なにかの変化を感じ取っているらしい。草木が揺れて、セイを誘った。甘いにおい。何かの歌。ずっと前から聞いていたし、聞こえていた気がする。
誘われるままに、森で一番の、大樹の元へと急いだ。道は覚えていたので、もう迷わなかった。
「母さん、来たよ」
たどり着いて、一番、そう声をかけた。だが、木は何も答えない。《彼女》の姿さえ、どこにも感じられないようだ。
まるで、最初からいなかったみたいに思えてしまう。
「母さん……」
枯れかけて痩せた枝から、ゆっくりと葉が落ち、静かに着地する。それを目で追った先に、最初は気づかなかったが、セイの頭くらいの大きさの石があった。名前が刻まれている。
男性名らしかったが、発音の仕方がわからない。誰かの、墓だろうか。もしかすると、と考えかけたが、やめた。

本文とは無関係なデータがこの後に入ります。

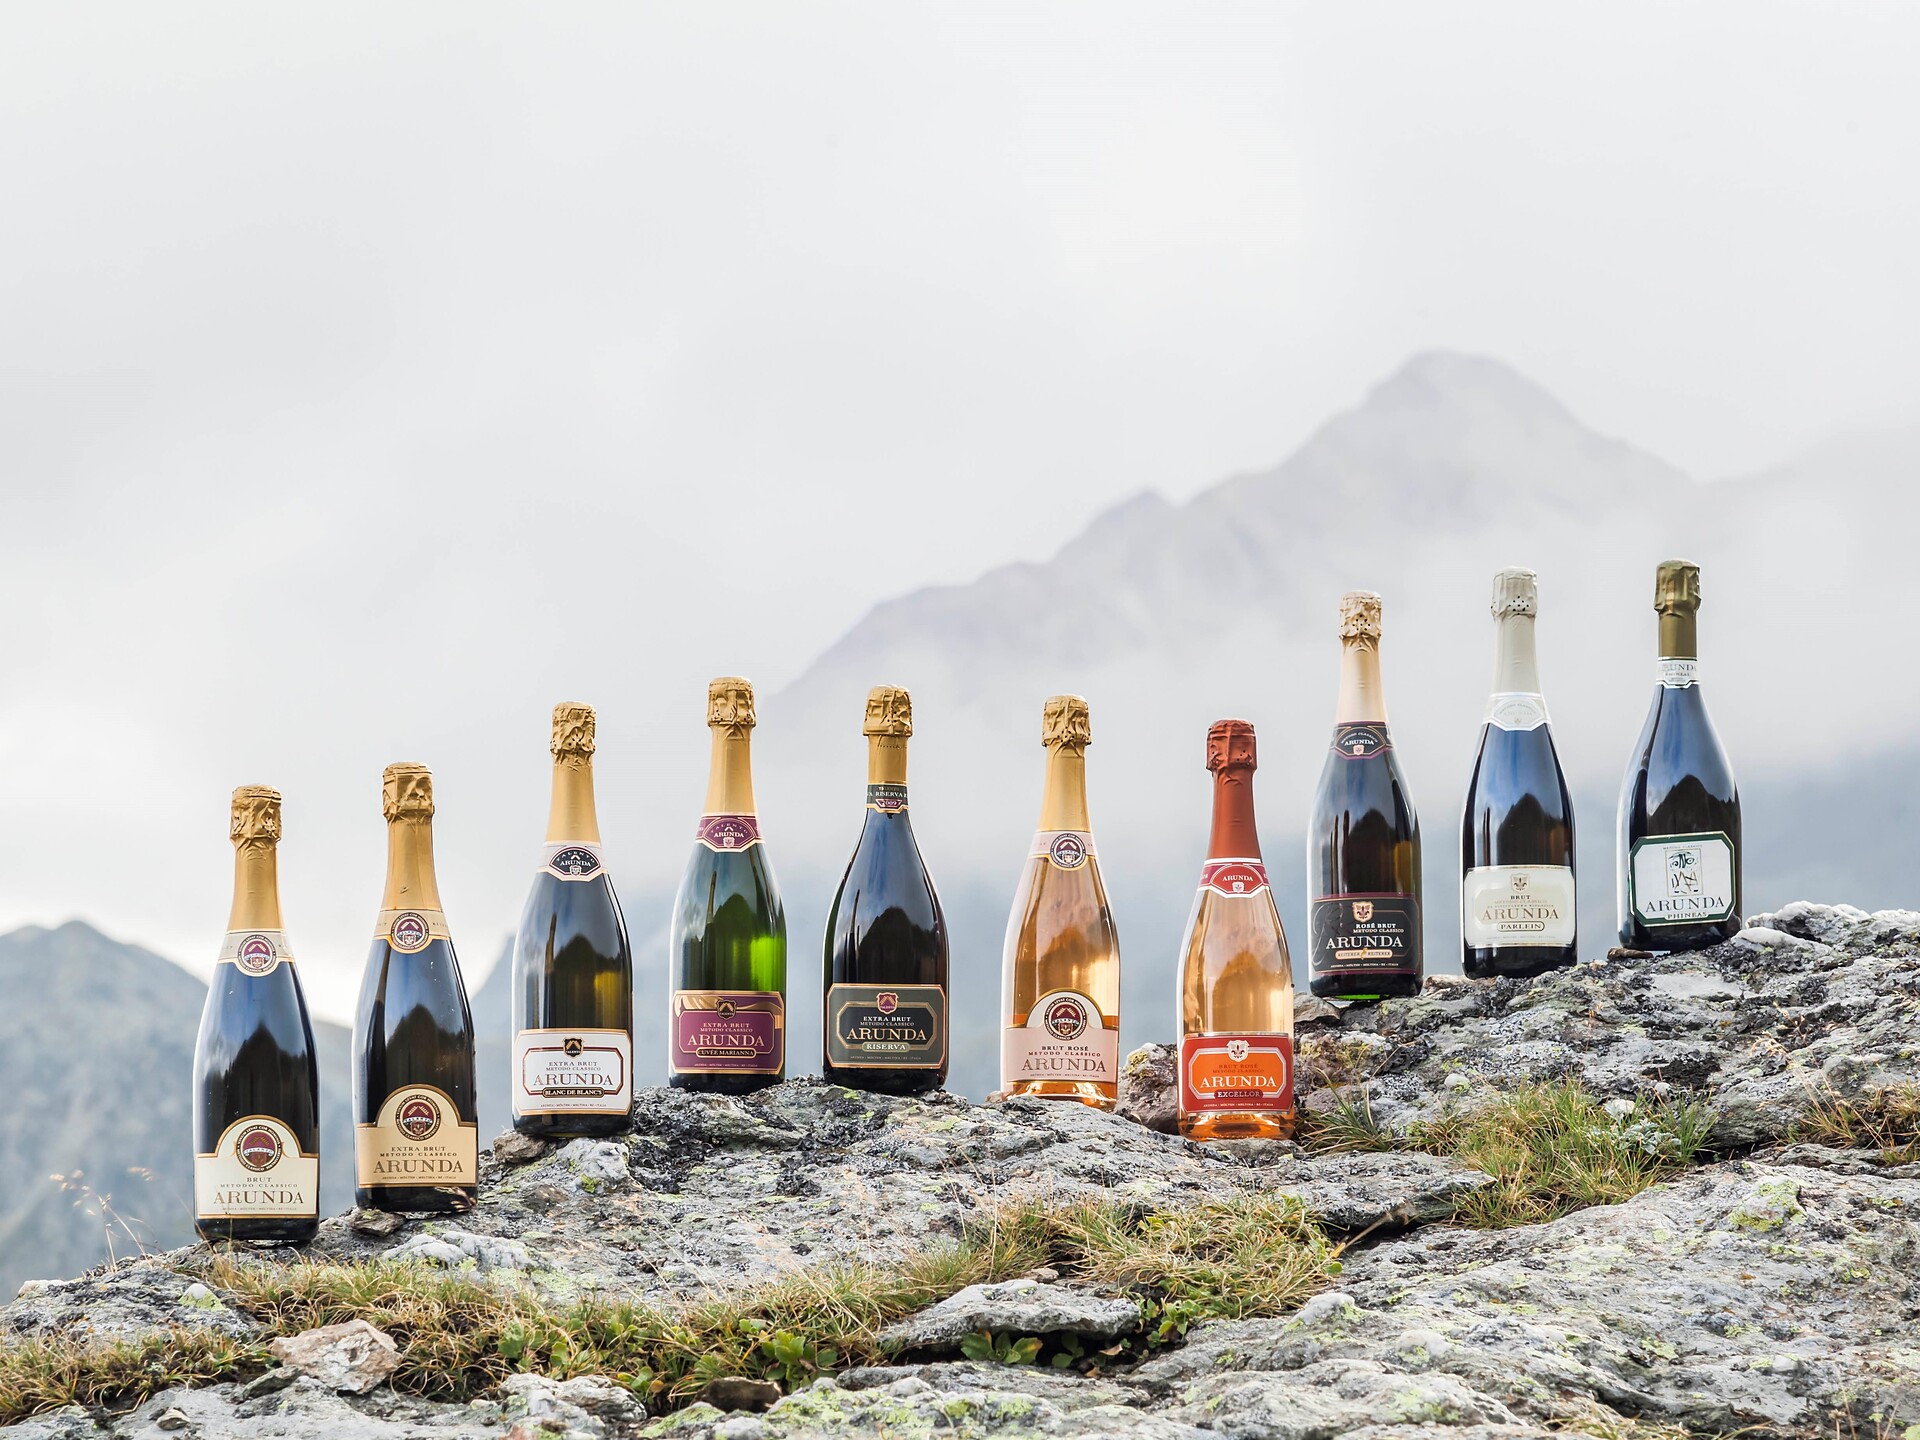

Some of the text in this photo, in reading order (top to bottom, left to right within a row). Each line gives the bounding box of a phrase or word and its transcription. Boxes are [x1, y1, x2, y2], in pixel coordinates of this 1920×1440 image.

「……あのさ、フレネザを探してるんだ。小さな、女の子だよ。ここに、来なかった?」
木はやはり何も答えない。静かに、風で時折揺れるだけだ。仕方がない。立ち去ろうと足を動かしたときだった。
──ギシ、と、背後から、なにかの軋むような音がして、ゆっくりと、数メートル先の木が倒れたのを見た。
「え……」
それを合図にしたかのように、羽音とともに、どこにいたのかという数の白い鳥が、一斉に空に舞い上がった。まるで、どこかに逃げて行くように思え、不安になる。
「なに──これ……」
なんだか、嫌な予感がする。うまく言い表せないが、不吉なものを感じた。